Pension funds rely on dws impact investing
Impact investing is generally understood to mean investment forms that formulate a further goal in addition to a financial return, especially in the social or environmental area.
The study shows that the advance of impact investing is being driven by two data points in particular: Achieving the global net-zero goal by 2050 is likely to require $100 trillion in investments1. And achieving the United Nations' 17 Sustainable Development Goals (SDGs) by 2030 will require annual spending of $5 trillion to $7 trillion2.
Due to their limited scalability, private markets cannot raise this capital on their own. In contrast, public markets, where instruments such as mutual funds and ETFs are traded, offer both the size and reach to mobilize the capital needed.
The survey of 50 of the largest pension funds in North America, Europe, Asia and Australia shows how far this development has progressed. who together manage assets of 3.3 trillion euros.
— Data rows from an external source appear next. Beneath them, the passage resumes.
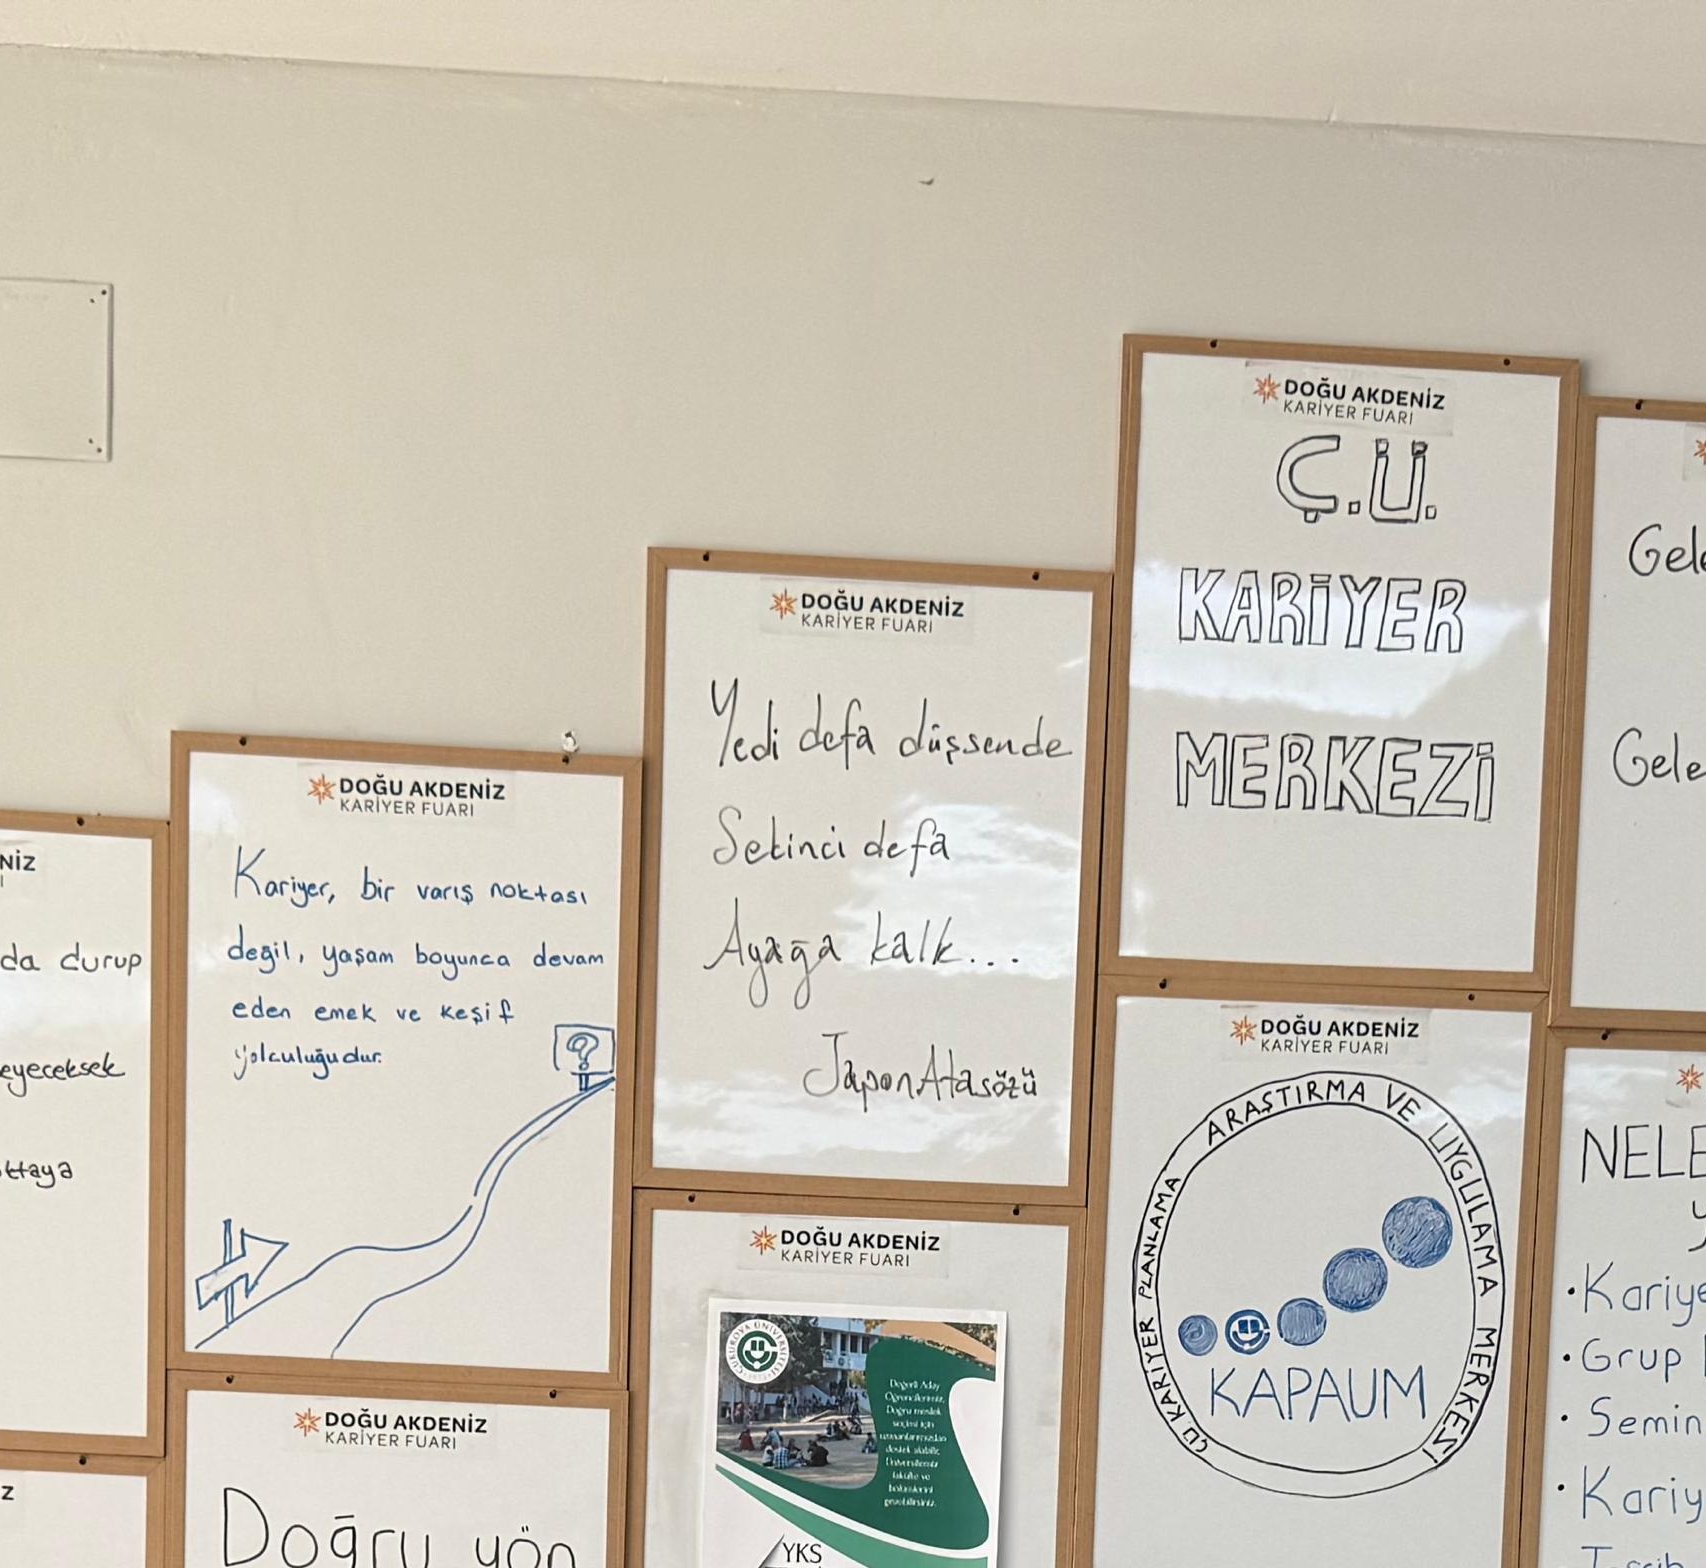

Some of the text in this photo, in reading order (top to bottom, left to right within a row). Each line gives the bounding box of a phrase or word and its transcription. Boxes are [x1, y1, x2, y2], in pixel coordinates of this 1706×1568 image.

[1283, 395, 1414, 426] KARİYER FUARI
[1284, 376, 1446, 413] DOĞU AKDENİZ
[1275, 433, 1438, 525] Ç.Ü.
[1177, 565, 1468, 655] KARİYER
[710, 676, 780, 768] Yedi
[798, 692, 877, 771] defa
[339, 772, 506, 801] DOĞU AKDENİZ
[340, 795, 474, 817] KARİYER FUARI
[1175, 730, 1496, 825] MERKEZİ
[234, 844, 588, 909] Kariyer, bir varış noktası
[863, 817, 951, 879] defa
[59, 945, 143, 977] durup
[227, 923, 604, 982] değil, yaşam boyunca devam
[231, 997, 292, 1020] eden
[314, 1002, 377, 1023] emek
[395, 1008, 422, 1023] ve
[1207, 1079, 1365, 1146] ARAŞTIRMA
[1387, 1082, 1421, 1122] VE
[1139, 1177, 1181, 1299] PLANLAMA
[1428, 1123, 1500, 1298] UYGULAMA
[1140, 1316, 1187, 1422] KARİYER
[1581, 1337, 1682, 1384] Grup
[1210, 1364, 1427, 1423] KAPAUM
[783, 1542, 822, 1564] YKS
According to the study, 22 percent of pension funds have already implemented or are currently implementing impact investing as part of their passive investments.
"Pension funds increasingly see it as their duty to help curb the negative effects of previous economic development on the environment, climate and biodiversity on behalf of their retirees - there is still a long way to go, but the important first step has been taken," said Amin Rajan, Chief Executive of CREATE-Research.
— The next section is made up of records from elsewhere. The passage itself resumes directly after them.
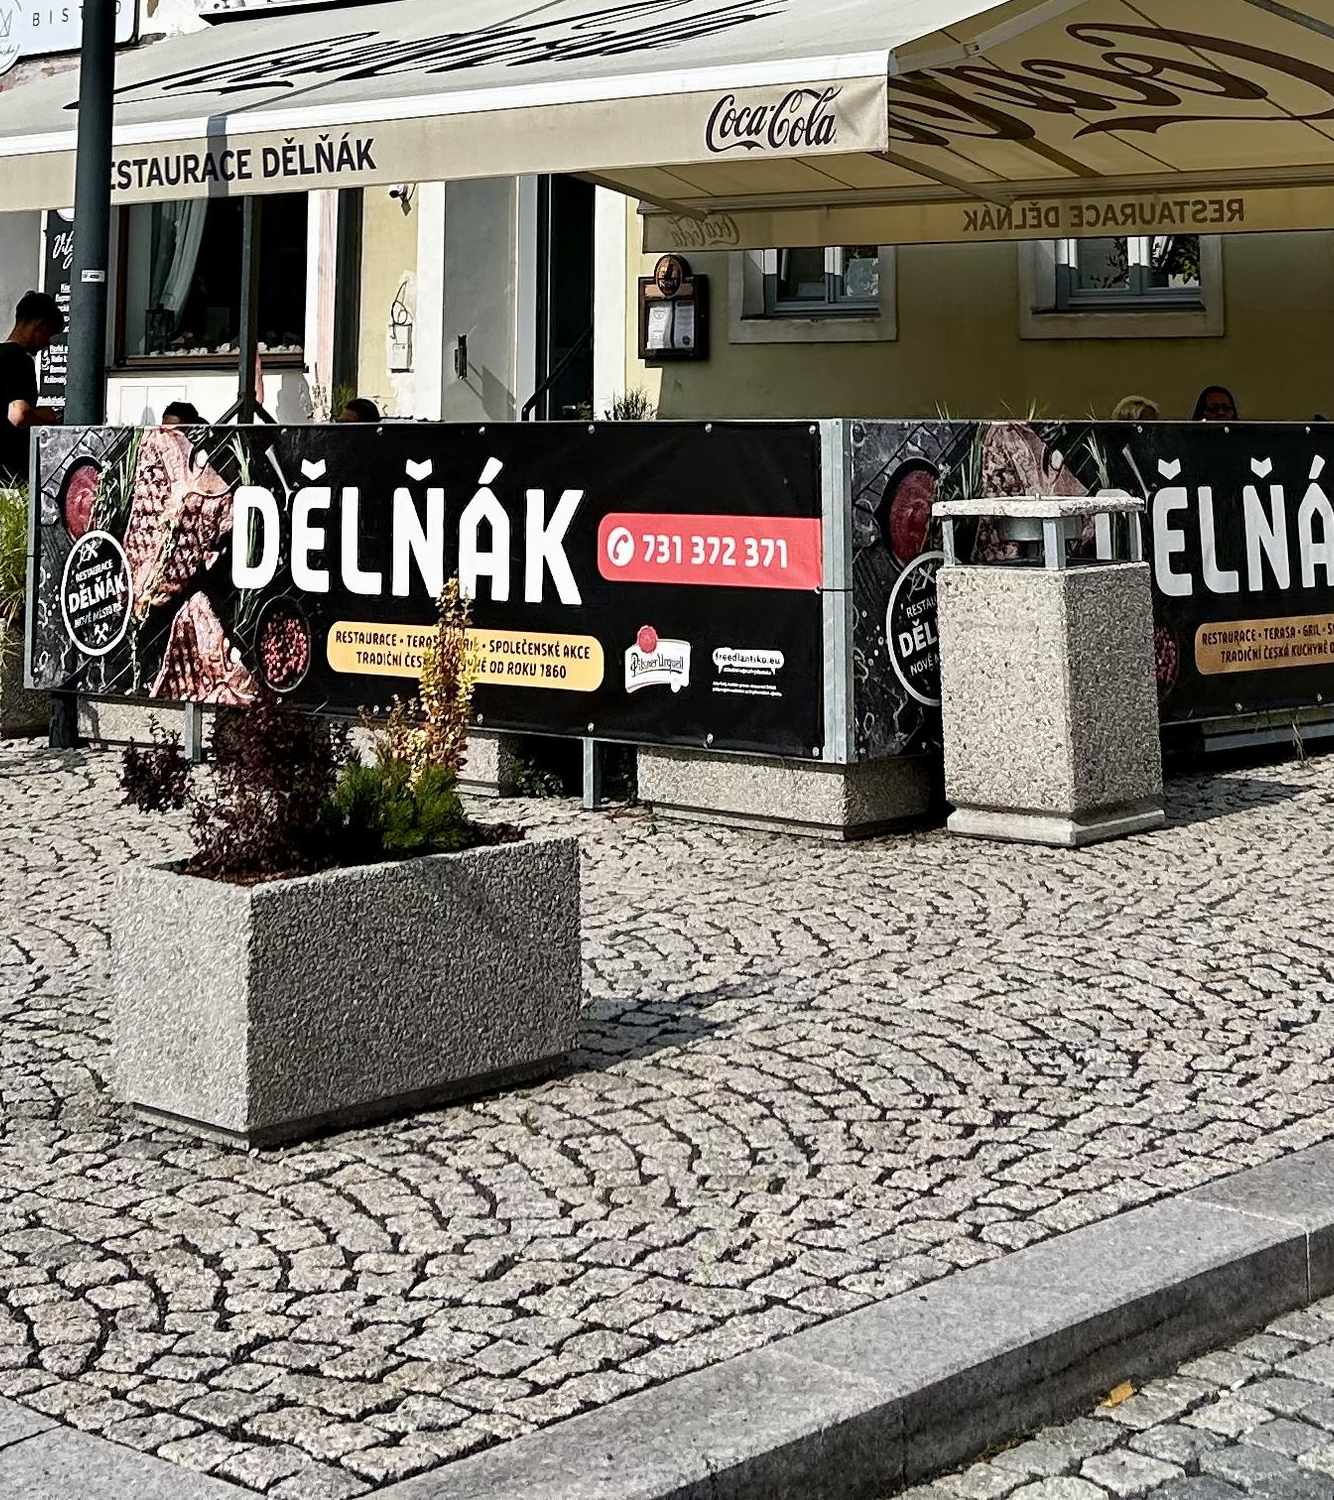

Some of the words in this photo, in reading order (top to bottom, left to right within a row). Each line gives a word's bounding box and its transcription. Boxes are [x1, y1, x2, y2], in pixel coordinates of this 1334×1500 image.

[705, 85, 843, 153] Coca-Cola
[110, 149, 253, 191] ESTAURACE
[261, 132, 377, 178] DĚLŇÁK
[231, 456, 585, 606] DĚLŇÁK
[641, 534, 682, 565] 731
[690, 536, 737, 566] 372
[744, 537, 788, 569] 371
[75, 559, 114, 582] RESTAURACE
[68, 571, 126, 614] DĚLŇÁK
[336, 630, 397, 648] RESTAURACE
[407, 634, 440, 651] TERAS
[489, 638, 561, 658] SPOLEČENSKÉ
[564, 644, 591, 660] AKCE
[898, 618, 938, 658] DĚL
[1202, 628, 1257, 646] RESTAURACE
[1263, 626, 1296, 643] TERASA
[1302, 624, 1321, 638] GRIL
[356, 650, 402, 668] TRADIČNÍ
[489, 660, 504, 675] OD
[507, 660, 537, 677] ROKU
[540, 663, 567, 680] 1860
[1221, 647, 1262, 665] TRADIČNÍ
[1263, 643, 1290, 661] ČESKÁ
Since the two goals of net zero and SDG can be achieved by rule-based indices such as the Paris-Aligned and Climate Transition Benchmarks of the European Union, SDG or Green Bond Indices, thematic passive commitments via ETFs and mandates can lead to a breakthrough in impact investing help the public markets.
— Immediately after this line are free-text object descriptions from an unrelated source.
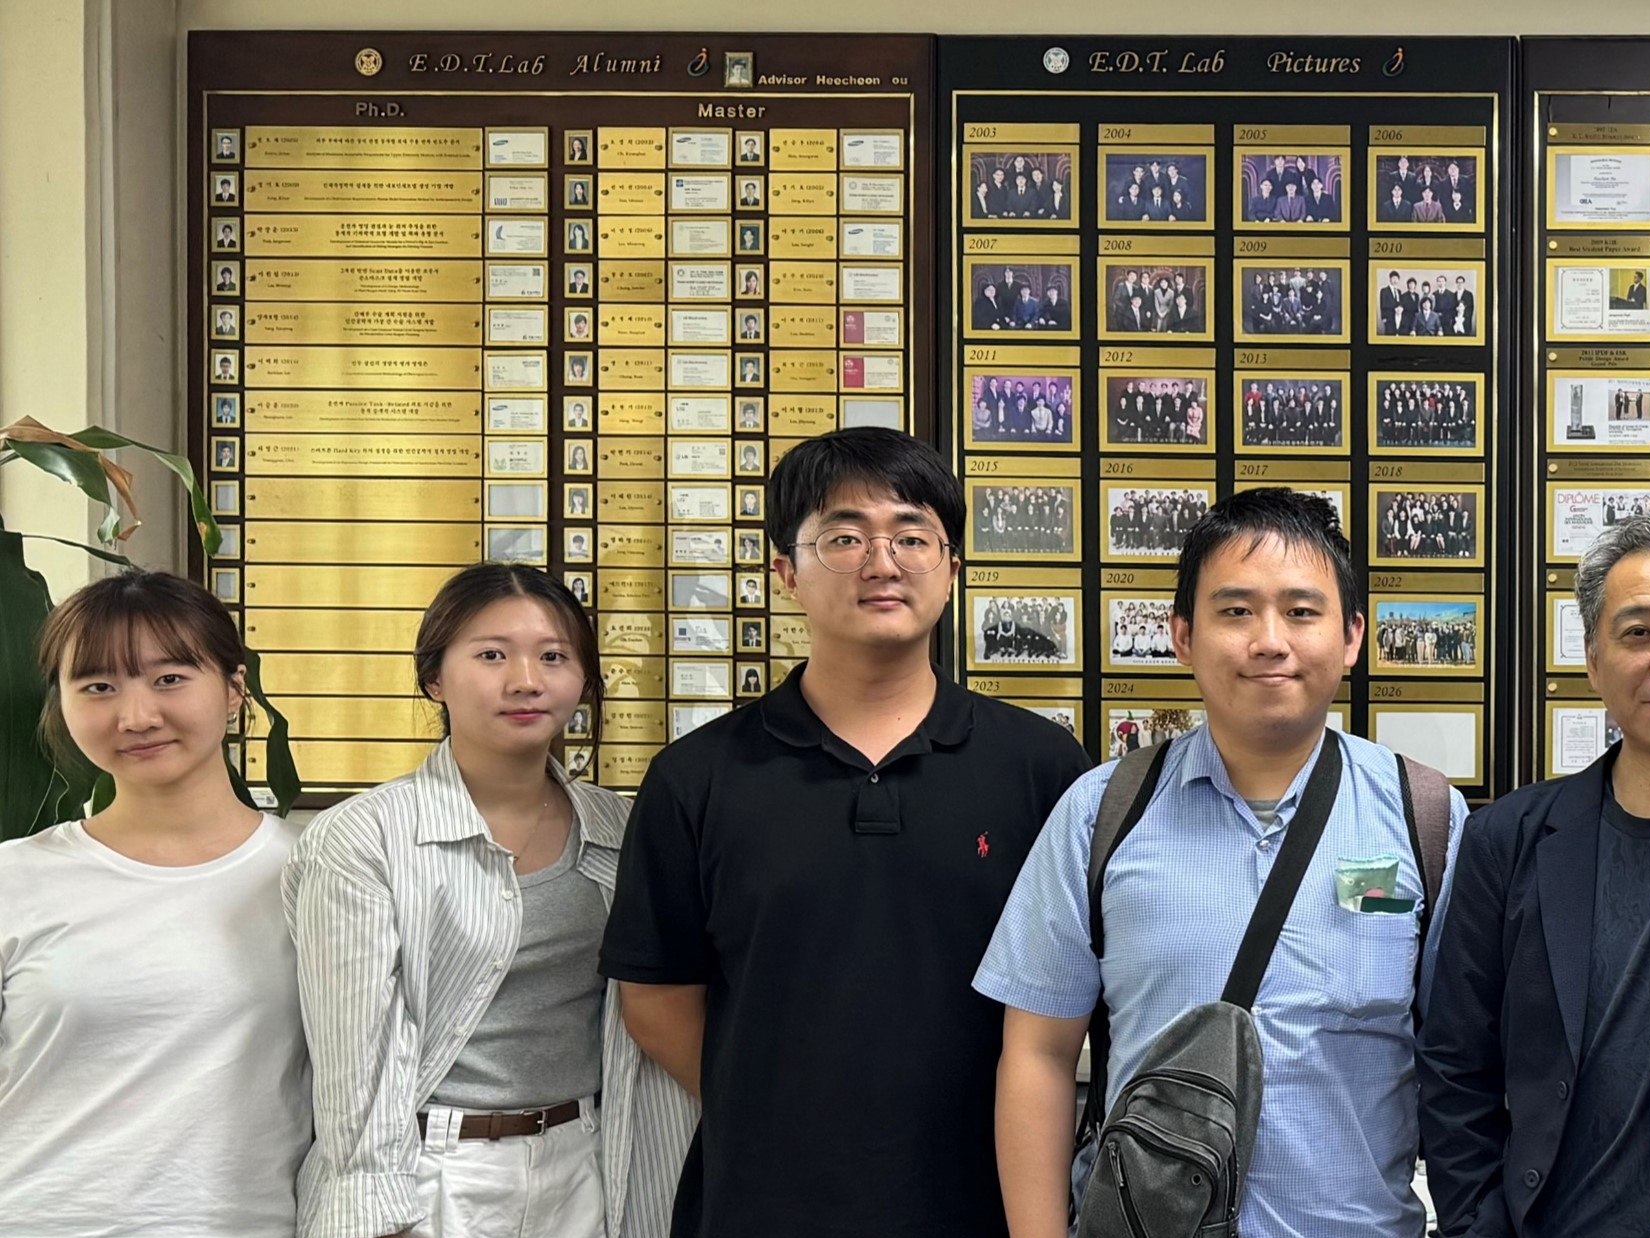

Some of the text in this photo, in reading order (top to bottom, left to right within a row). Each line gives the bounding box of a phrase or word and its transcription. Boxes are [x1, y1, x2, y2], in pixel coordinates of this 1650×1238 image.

[569, 54, 661, 75] Alumni
[1087, 49, 1360, 73] E.D.T. Lab Pictures
[757, 74, 806, 84] Advisor
[816, 74, 880, 84] Heecheon
[355, 102, 405, 118] Ph.D.
[698, 102, 765, 118] Master
[969, 127, 997, 138] 2003
[1104, 128, 1132, 140] 2004
[1239, 129, 1267, 141] 2005
[1374, 130, 1403, 141] 2006
[969, 238, 997, 250] 2007
[1104, 240, 1132, 251] 2008
[1239, 241, 1267, 253] 2009
[1374, 242, 1403, 253] 2010
[969, 350, 997, 361] 2011
[1104, 351, 1132, 363] 2012
[1239, 353, 1267, 364] 2013
[970, 461, 998, 472] 2015
[1105, 463, 1133, 474] 2016
[1240, 464, 1268, 476] 2017
[1374, 464, 1403, 477] 2018
[971, 571, 999, 582] 2019
[1106, 573, 1134, 584] 2020
[1374, 577, 1402, 588] 2022
[972, 681, 1000, 692] 2023
[1107, 683, 1134, 694] 2024
[1374, 686, 1402, 697] 2026
This thesis is confirmed by the present study : 58 percent of the survey participants believe that the increasing interest in thematic funds will continue to develop in impact investing over time. 64 percent believe the net-zero goal will favor impact investing, and 54 percent believe the SDGs will bring new opportunities. 28 percent of pension funds each expect to use SDG, EU Paris-Aligned and EU Climate Transition indices in the next three years.
“The important study by CREATE-Research shows that ETFs and passive mandates can make the decisive difference in helping impact investing to achieve a broad breakthrough. We are already seeing high demand from private and institutional investors for index concepts that formulate concrete goals and we will continue to expand our activities in this segment," said Simon Klein, Global Head of Passive Sales at DWS.